# TASK GOAL
Wherever the word "HOLOCAUST" appears in a line of the data, that line should be copied.

Segment Start: DATASET CONTENT

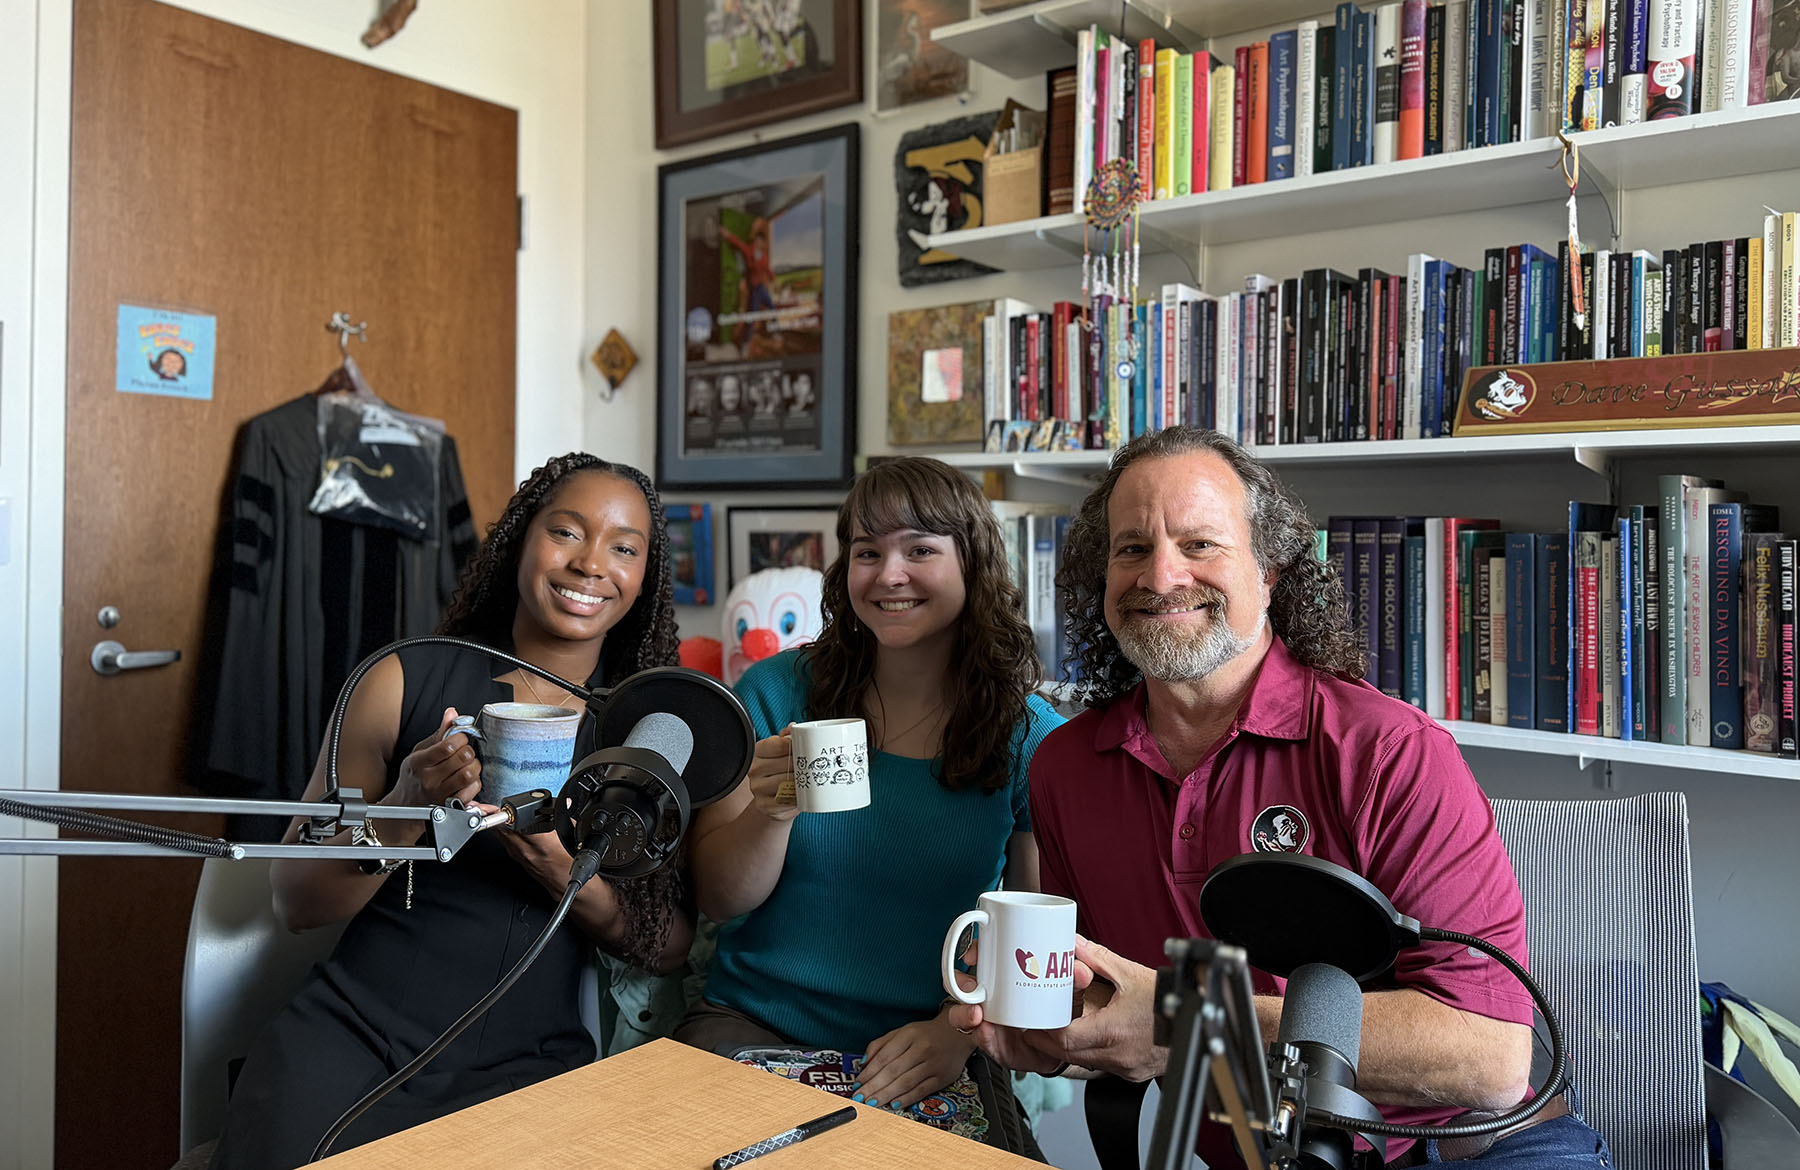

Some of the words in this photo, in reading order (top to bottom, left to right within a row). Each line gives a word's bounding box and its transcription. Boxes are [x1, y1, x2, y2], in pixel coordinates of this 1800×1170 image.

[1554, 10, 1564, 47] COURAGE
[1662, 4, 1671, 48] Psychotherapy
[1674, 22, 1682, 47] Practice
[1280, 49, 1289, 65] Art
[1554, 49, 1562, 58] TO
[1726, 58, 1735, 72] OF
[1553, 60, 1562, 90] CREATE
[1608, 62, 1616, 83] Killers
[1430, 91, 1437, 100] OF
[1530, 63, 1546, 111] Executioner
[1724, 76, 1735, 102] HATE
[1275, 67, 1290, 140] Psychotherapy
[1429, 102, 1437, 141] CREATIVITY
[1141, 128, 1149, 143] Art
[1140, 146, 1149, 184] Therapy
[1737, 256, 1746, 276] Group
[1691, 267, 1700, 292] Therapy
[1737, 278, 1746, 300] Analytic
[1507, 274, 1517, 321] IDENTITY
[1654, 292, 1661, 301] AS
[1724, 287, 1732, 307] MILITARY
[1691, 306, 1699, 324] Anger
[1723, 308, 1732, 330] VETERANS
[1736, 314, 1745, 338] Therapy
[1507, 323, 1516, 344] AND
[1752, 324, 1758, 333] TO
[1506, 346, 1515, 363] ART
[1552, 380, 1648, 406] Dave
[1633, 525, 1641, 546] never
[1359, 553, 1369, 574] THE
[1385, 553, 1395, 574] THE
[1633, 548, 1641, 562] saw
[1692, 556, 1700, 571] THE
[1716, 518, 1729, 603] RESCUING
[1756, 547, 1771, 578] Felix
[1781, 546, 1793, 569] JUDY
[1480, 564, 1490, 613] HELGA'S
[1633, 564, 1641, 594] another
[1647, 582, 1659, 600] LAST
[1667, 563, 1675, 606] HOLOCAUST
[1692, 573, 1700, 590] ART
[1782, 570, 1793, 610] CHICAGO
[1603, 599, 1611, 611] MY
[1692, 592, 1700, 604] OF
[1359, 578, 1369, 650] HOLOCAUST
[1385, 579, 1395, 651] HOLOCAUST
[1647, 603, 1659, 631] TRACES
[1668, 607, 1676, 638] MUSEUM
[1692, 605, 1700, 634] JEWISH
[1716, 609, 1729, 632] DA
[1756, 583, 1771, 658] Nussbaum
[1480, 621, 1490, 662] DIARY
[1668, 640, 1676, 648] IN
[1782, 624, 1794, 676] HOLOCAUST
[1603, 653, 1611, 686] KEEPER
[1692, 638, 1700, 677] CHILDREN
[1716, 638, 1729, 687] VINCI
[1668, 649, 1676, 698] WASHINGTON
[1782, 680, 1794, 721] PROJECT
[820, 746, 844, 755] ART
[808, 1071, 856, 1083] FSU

Segment End: DATASET CONTENT

# YOUR RESPONSE
[1667, 563, 1675, 606] HOLOCAUST
[1359, 578, 1369, 650] HOLOCAUST
[1385, 579, 1395, 651] HOLOCAUST
[1782, 624, 1794, 676] HOLOCAUST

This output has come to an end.